One reason that people with ADHD may consciously or unconsciously try to manage the disorder with drugs and alcohol is that many substances raise levels of the neurotransmitter dopamine, and low levels of that brain chemical are associated with ADHD symptoms. Individuals with ADHD tend to have higher numbers of proteins called dopamine transporters in their brains and nervous systems, which inhibit the ability of dopamine to pass from cell to cell. This lowers the effect dopamine has in the body.
Unfortunately, drugs and alcohol aren’t a good long-term solution to managing ADHD or its related symptoms. In fact, over time, the body reacts to substance use by lowering the amount of dopamine it naturally produces or by making receptor cells less sensitive.
Many of the suggestions addiction counselors commonly give to their patients may be especially important for people managing ADHD during their recovery:
- Keep the goal in mind. Anything you can do to remind yourself of why the effort of recovery is worth it will be helpful. This can include keeping lists or photos on your wall or smartphone that remind you of the ways that life is not better and will continue to become better when it’s not ruled by addiction.
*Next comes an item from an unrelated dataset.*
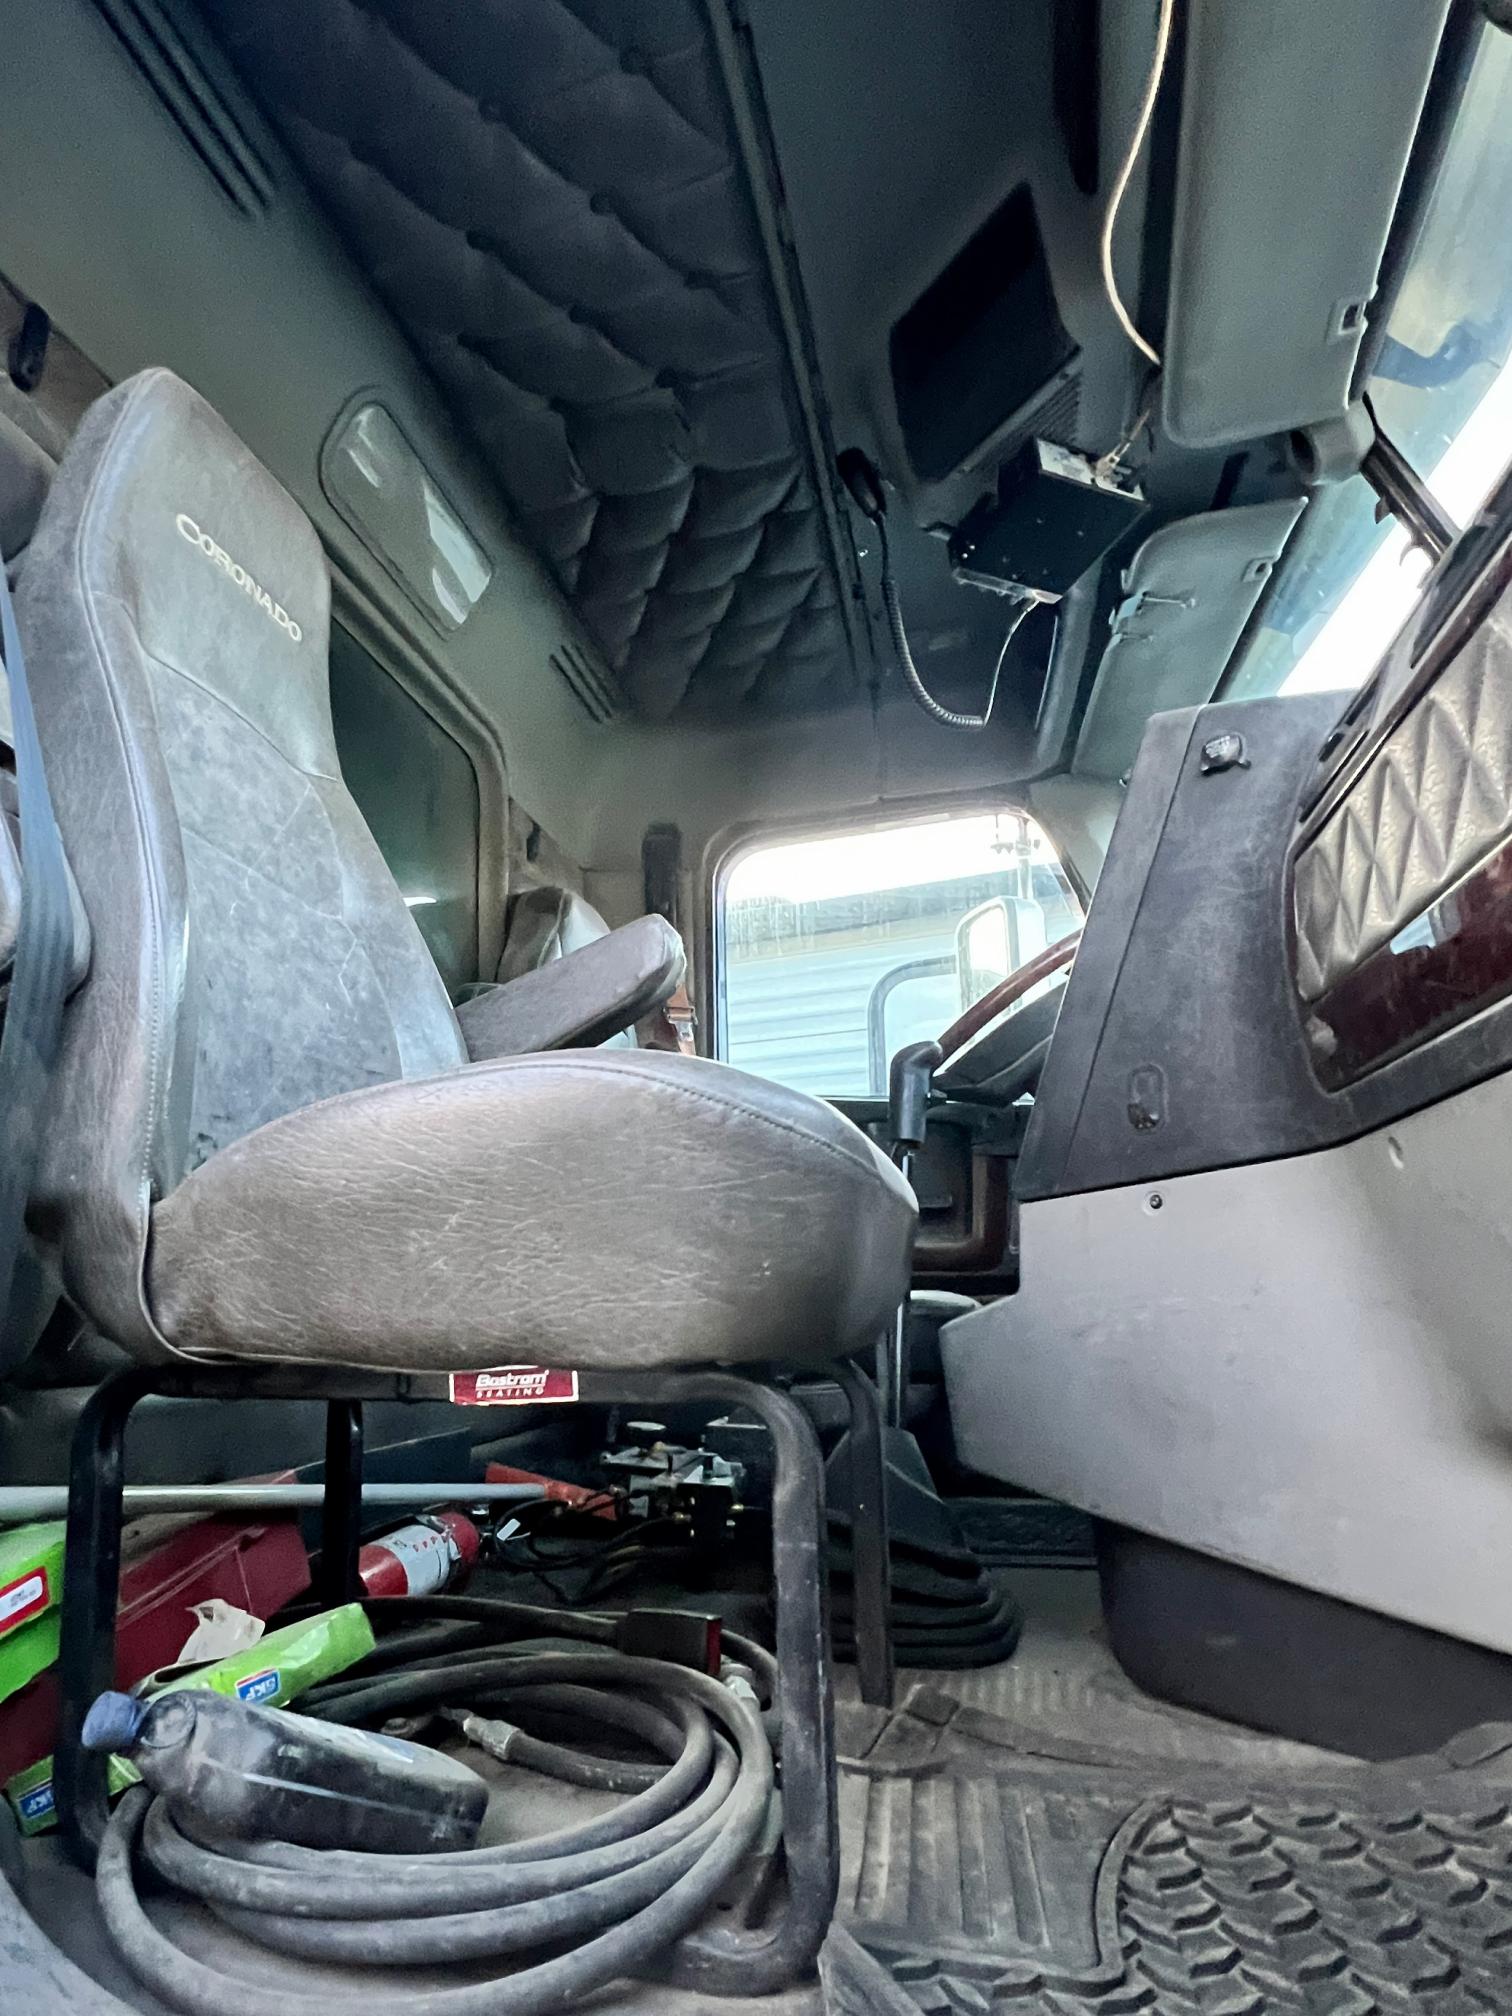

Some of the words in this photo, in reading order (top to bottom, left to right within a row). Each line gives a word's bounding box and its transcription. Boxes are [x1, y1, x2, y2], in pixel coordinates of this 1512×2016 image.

[176, 513, 302, 642] CORONADO
[476, 1387, 545, 1399] SEATING
[245, 1677, 276, 1701] SKF
- Remember the negative consequences of substance use. In addition to keeping a written list of the problems caused by drugs and alcohol, it’s helpful to use mental strategies to keep memories accessible enough to be helpful. The author of an article on impulse control for people with ADHD recommends picturing a TV or computer screen in your mind, then playing a video on it of what happened in the past when you acted impulsively. He notes that the more often you practice, the more automatic it will become.3
- Prepare for cravings. Everyone has their own personal relapse triggers, and having a plan in place to combat them and keeping reminders at hand is important. The list may include things like removing yourself from the situation, urge surfing (a technique that involves riding out cravings like surfing a wave), calling a friend and distracting yourself.
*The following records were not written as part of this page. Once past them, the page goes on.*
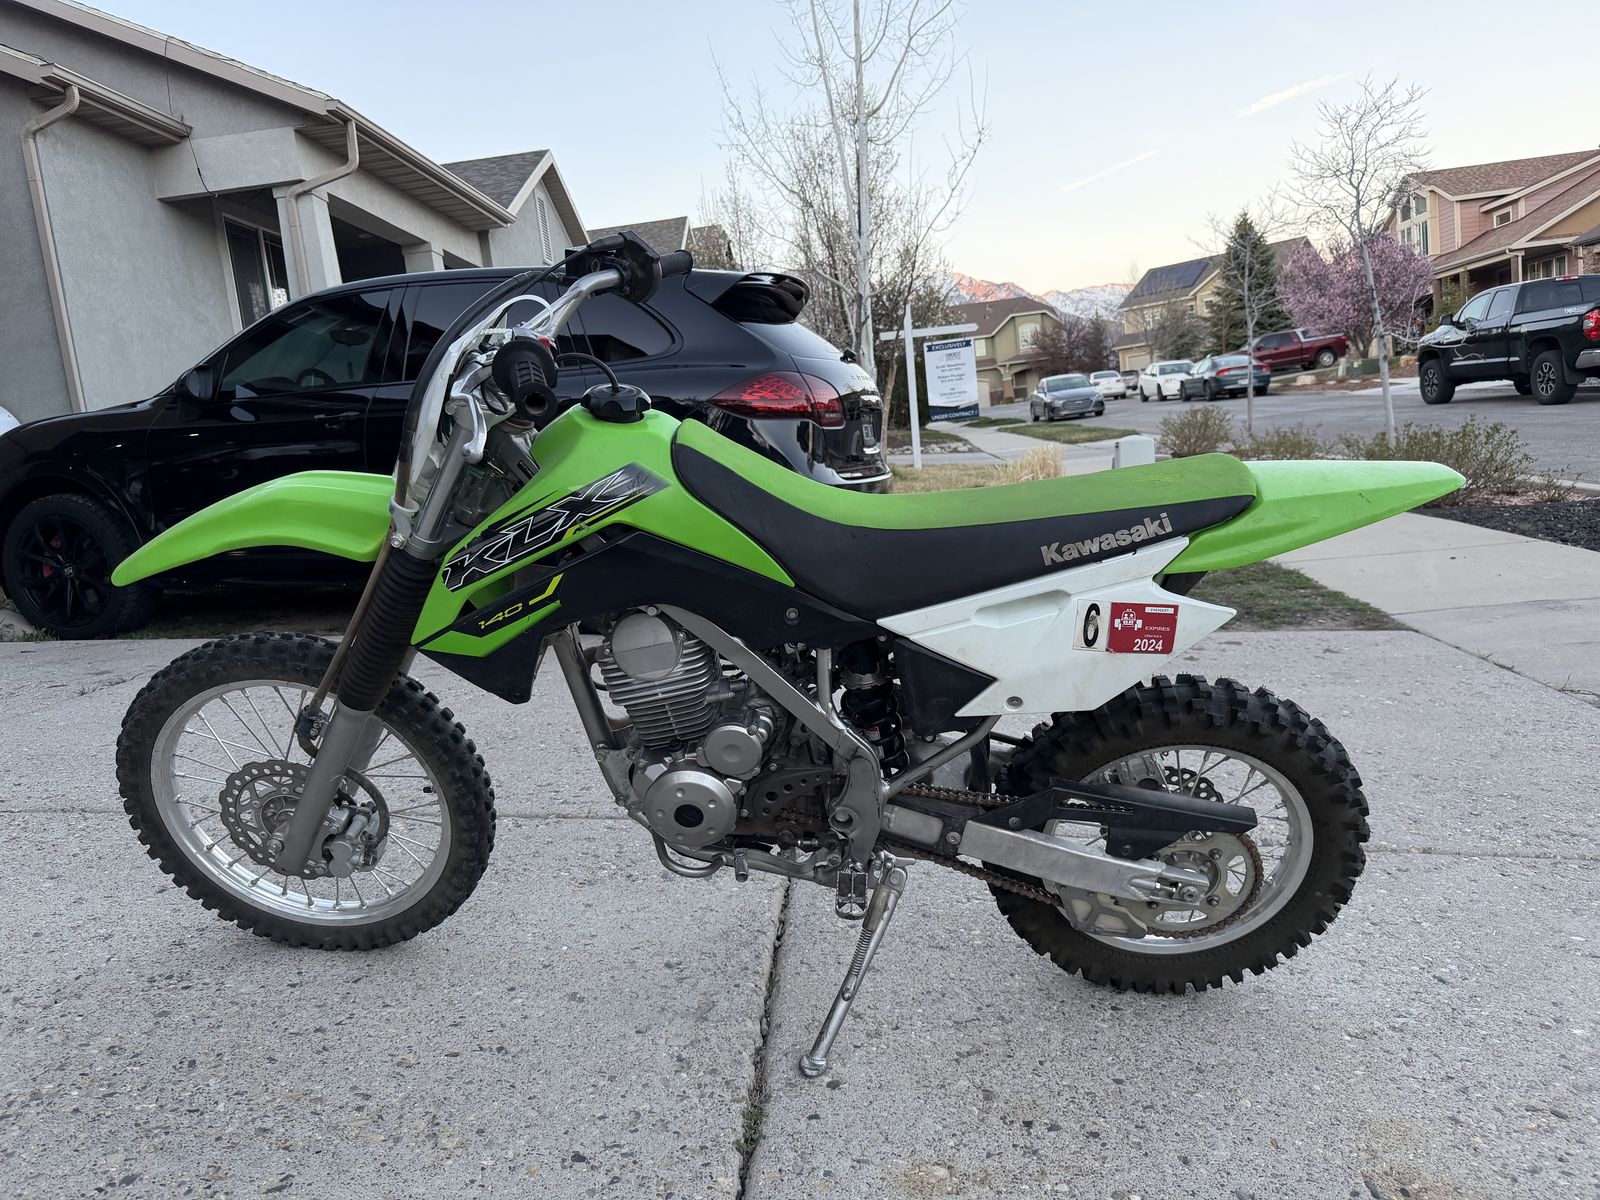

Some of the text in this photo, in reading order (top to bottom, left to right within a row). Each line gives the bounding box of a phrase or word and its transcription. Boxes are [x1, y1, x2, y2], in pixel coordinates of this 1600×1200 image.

[932, 342, 966, 351] EXCLUSIVELY
[931, 410, 975, 421] UNDER CONTRACT
[444, 469, 629, 591] KLX
[1040, 512, 1173, 566] Kawasaki
[478, 603, 523, 630] 140
[1133, 638, 1163, 652] 2024
- Make an effort to manage stress, which is a common relapse trigger. Stress can come from many sources and is often related to unresolved problems. Identifying potential solutions to troubling issues and breaking those down into manageable steps and goals can go a long way toward lowering stress levels.
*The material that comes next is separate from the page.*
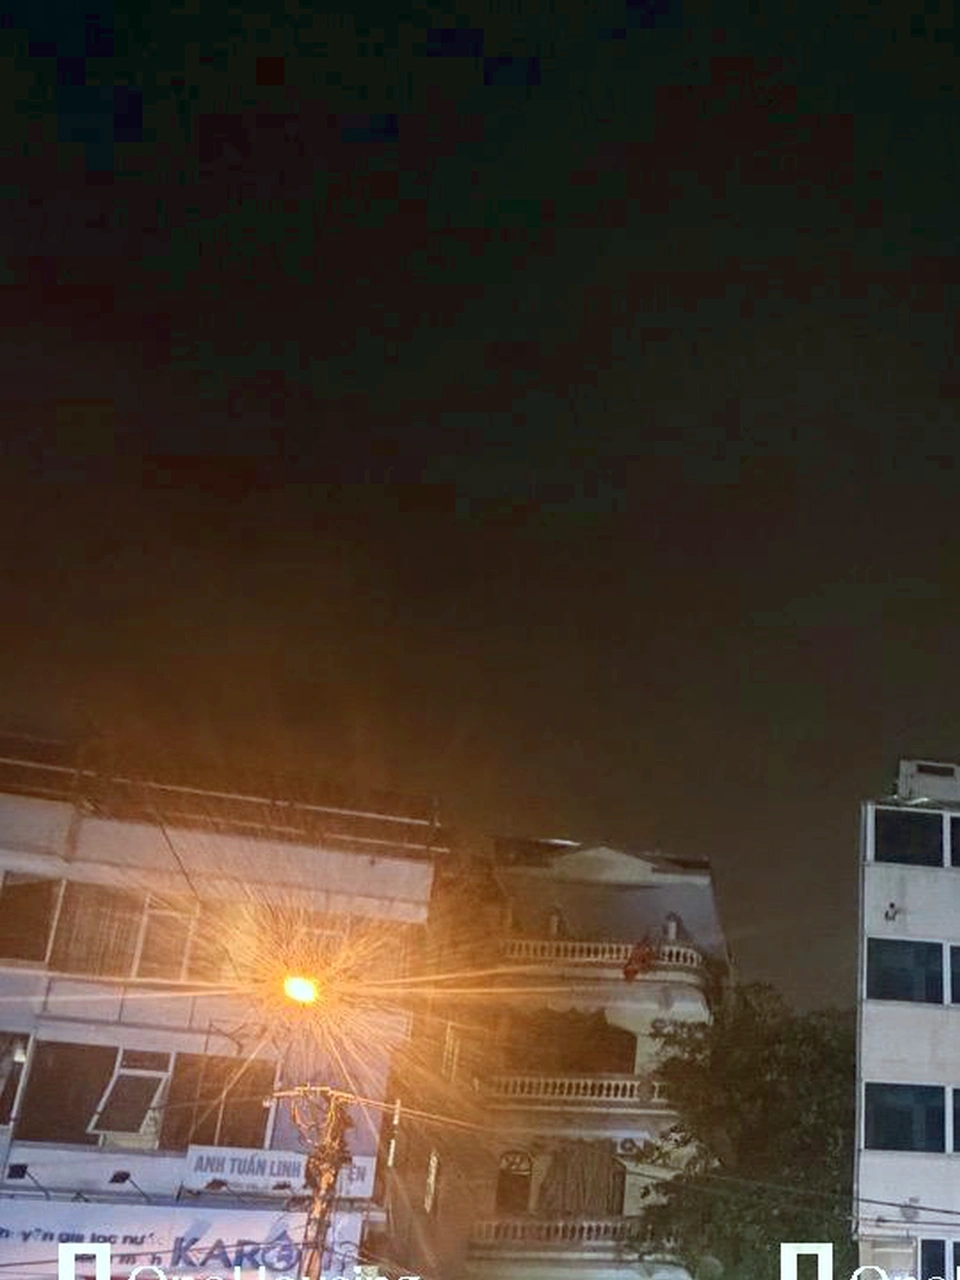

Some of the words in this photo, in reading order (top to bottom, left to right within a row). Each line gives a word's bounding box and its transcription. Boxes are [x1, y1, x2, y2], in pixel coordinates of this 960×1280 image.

[194, 1157, 225, 1173] ANH
[229, 1153, 266, 1178] TUẤN
[269, 1158, 302, 1179] LINH
- Learning stress reduction techniques like meditation, progressive muscle relaxation and breathing exercises is also wise.
- Many people find it helpful to set timers which remind them to check in with themselves and consciously release any tension they are carrying.
All people enter addiction recovery with a personal combination of factors that affect the process in both positive and negative ways. Comprehensive treatment programs know how to identify them and how to help people build on their strengths and overcome their challenges. When people’s unique situations are addressed, there’s much hope for a full, healthy and joyful life.
1 Safren, S.A., et al. “Cognitive-behavioral therapy for ADHD in medication-treated adults with continued symptoms.” Behaviour Research and Therapy, July 2005.
2 Sonuga-Barke, Edmund J.S., et al. “Nonpharmacological Interventions for ADHD: Systematic Review and Meta-Analyses of Randomized Controlled Trials of Dietary and Psychological Treatments.” American Journal of Psychiatry, March 1, 2013.
3 Barkley, Russell. “How to Shut Your Mouth — and Your Wallet.” ADDitude Magazine, Winter 2011.